Australian scientists play important role in safeguarding the world's largest tuna fishery

Understanding the impact of modern fishing techniques is critical to ensure the sustainability of the Western and Central Pacific Ocean (WCPO) tuna fishery, the largest tuna fishery in the world that accounts for 55% of the total tropical tuna catch and provides up to 98% of government revenue for some Pacific Island nations.

Multiple agreements have been signed by Pacific island countries and territories to maintain the sustainability of this important ocean resource. However, the advent of Fish Aggregating Devices (FADs) and their impact on fishing efficiency over the past 20 years has added a large unknown to the management required to maintain the sustainability of this key fishery into the future.

Researchers from The Pacific Community’s Oceanic Fisheries Program (SPC) and the ARC Centre of Excellence for Climate Extremes have recently published two papers that used a combination of records from captains and scientific observers, FAD tracking data, ocean models and cutting edge supercomputer simulation methods to reveal for the first time the trajectories and potential impact these FADs may have on fisheries and the island nations. Tuna school by Jet Kim Unsplash {module In-article}

“Around 30,000-65,000 FADs are released every year in this region but we have very little understanding of where they ended up, how they were being used, and the impact this has had on coastal areas and the overall catch of the fishery,” said Dr. Lauriane Escalle, a fisheries scientist at SPC.

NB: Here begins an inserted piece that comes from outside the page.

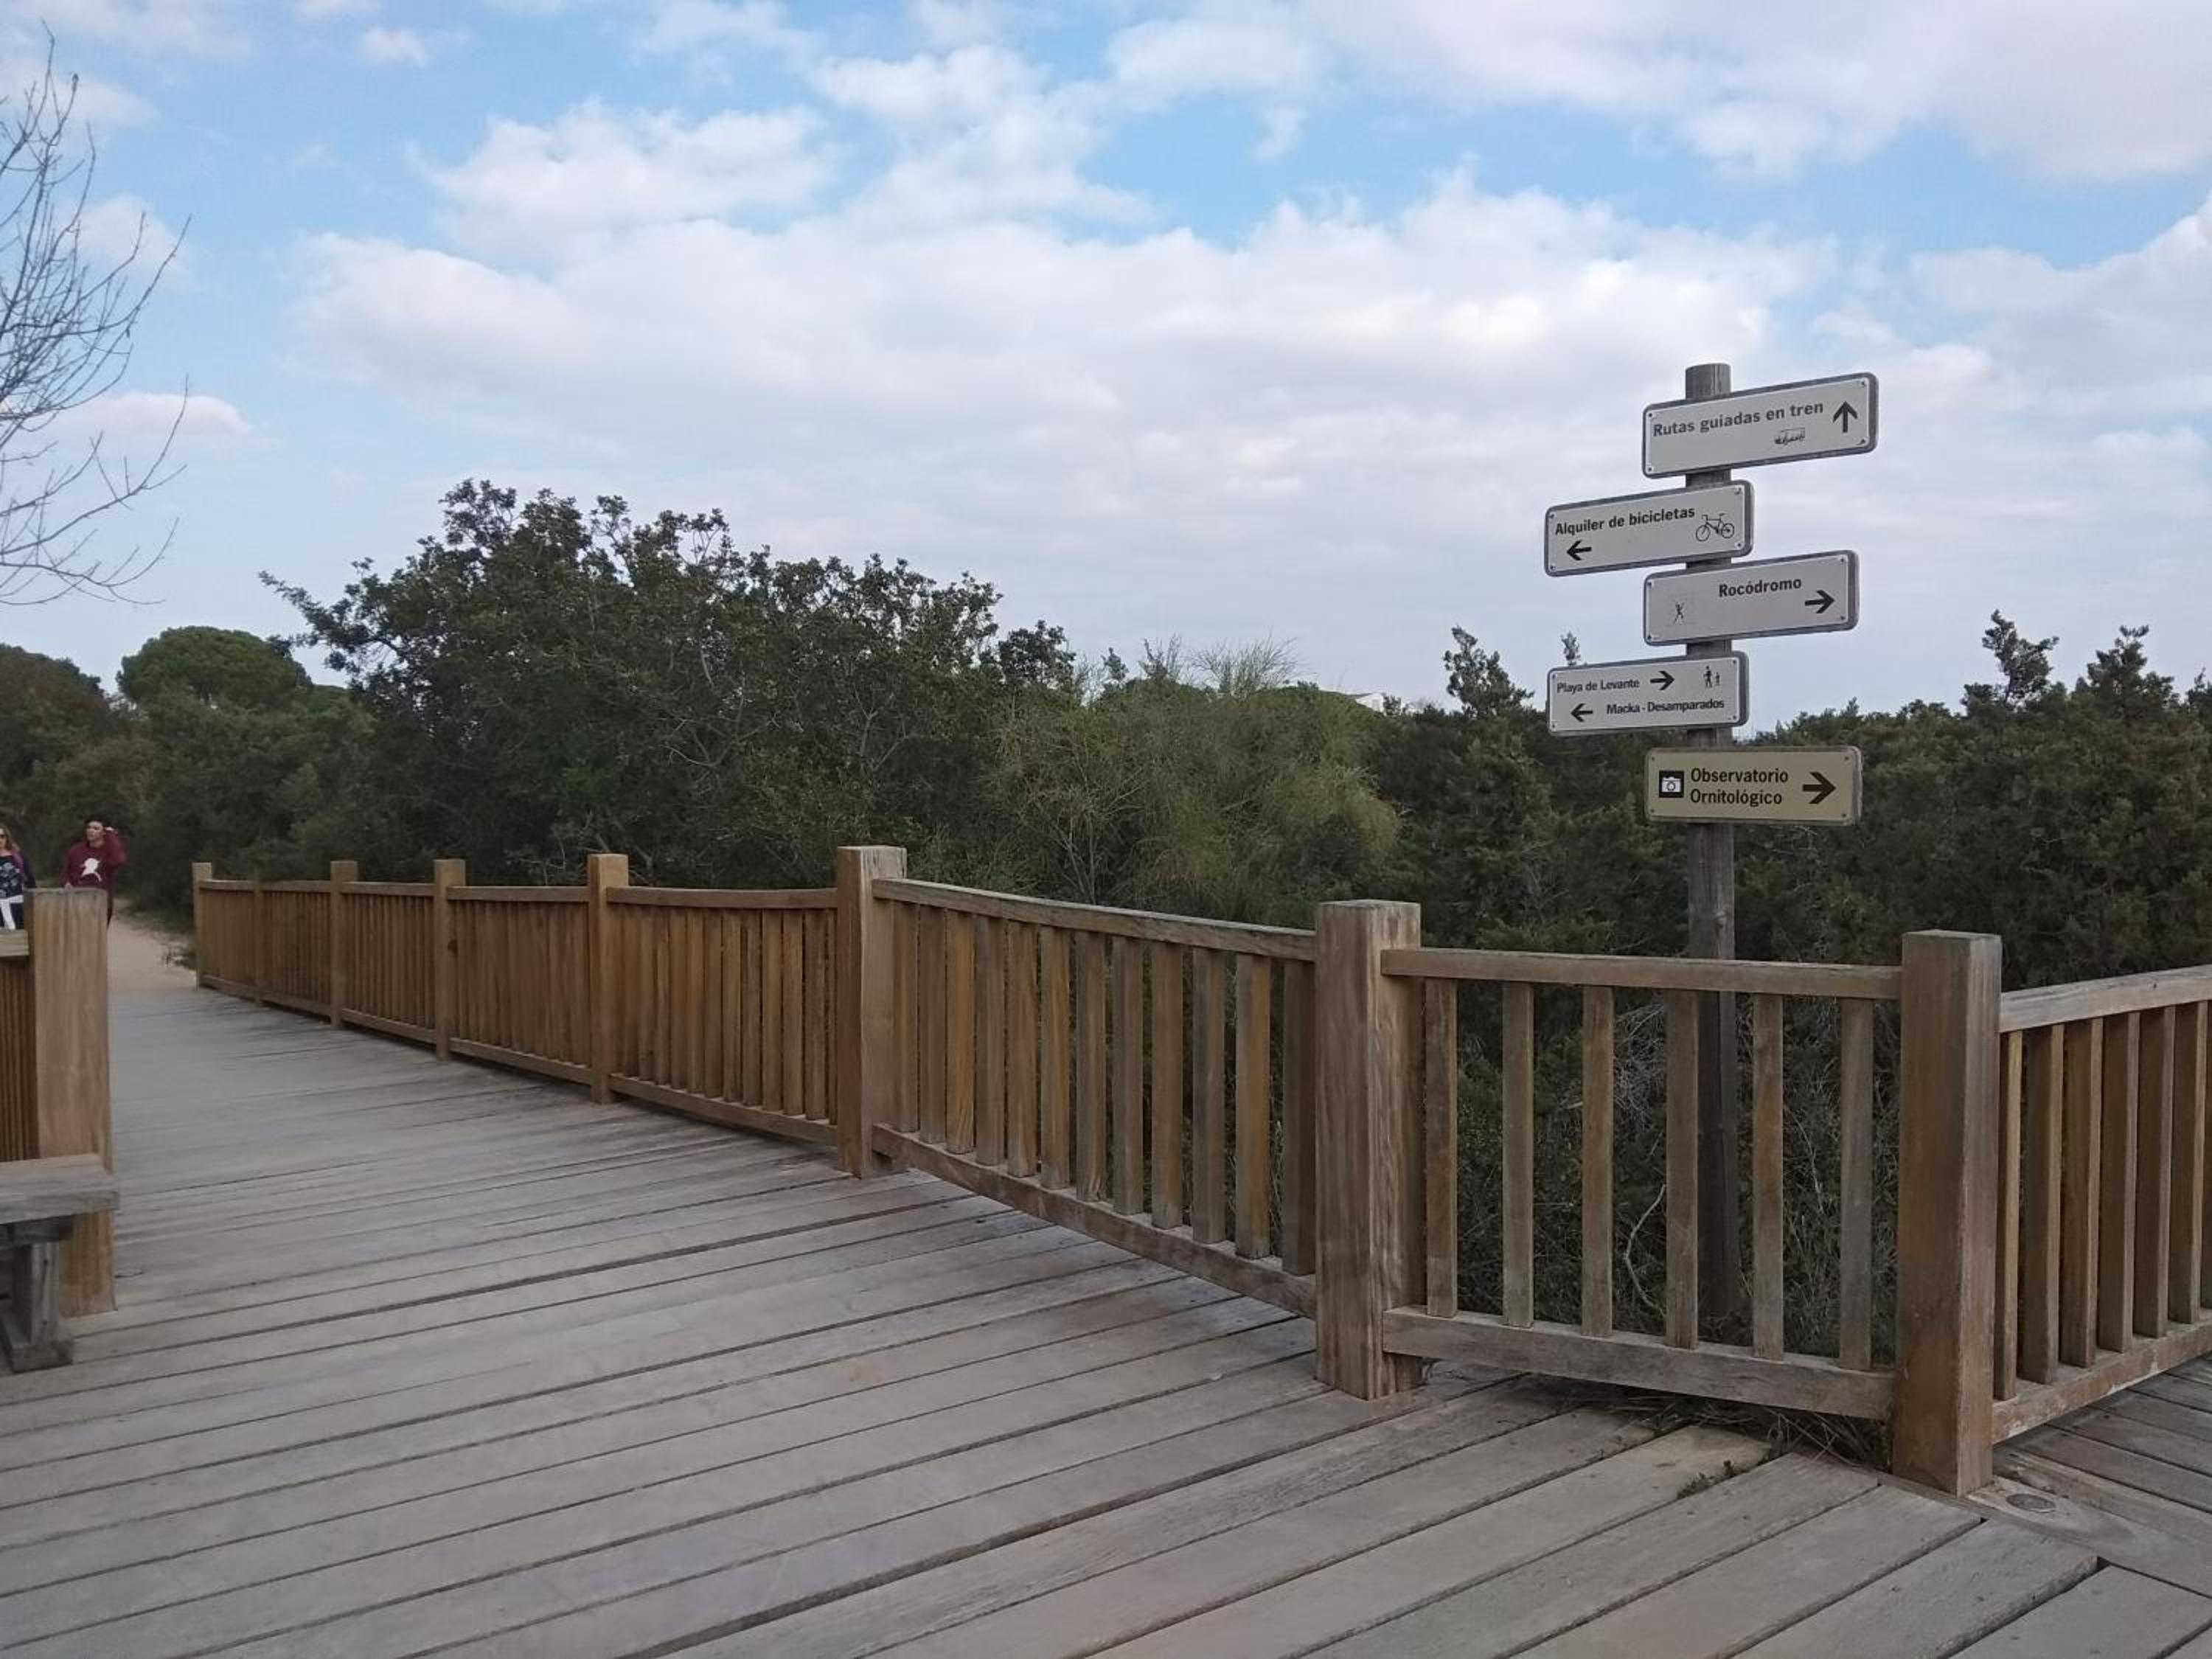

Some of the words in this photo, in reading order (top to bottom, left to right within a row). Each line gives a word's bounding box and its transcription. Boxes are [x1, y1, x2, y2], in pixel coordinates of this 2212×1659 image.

“While we know FADs make fishing more efficient, allowing fishing vessels to use less fuel and reduce fishing effort, there are unanswered questions around potential overfishing, impacts on bycatch species, ghost fishing and reef damage caused by FADs washing up on coral reefs and islands.”

Aside from catch data and ocean models, modern FADs themselves played an important role in helping the researchers get their answers.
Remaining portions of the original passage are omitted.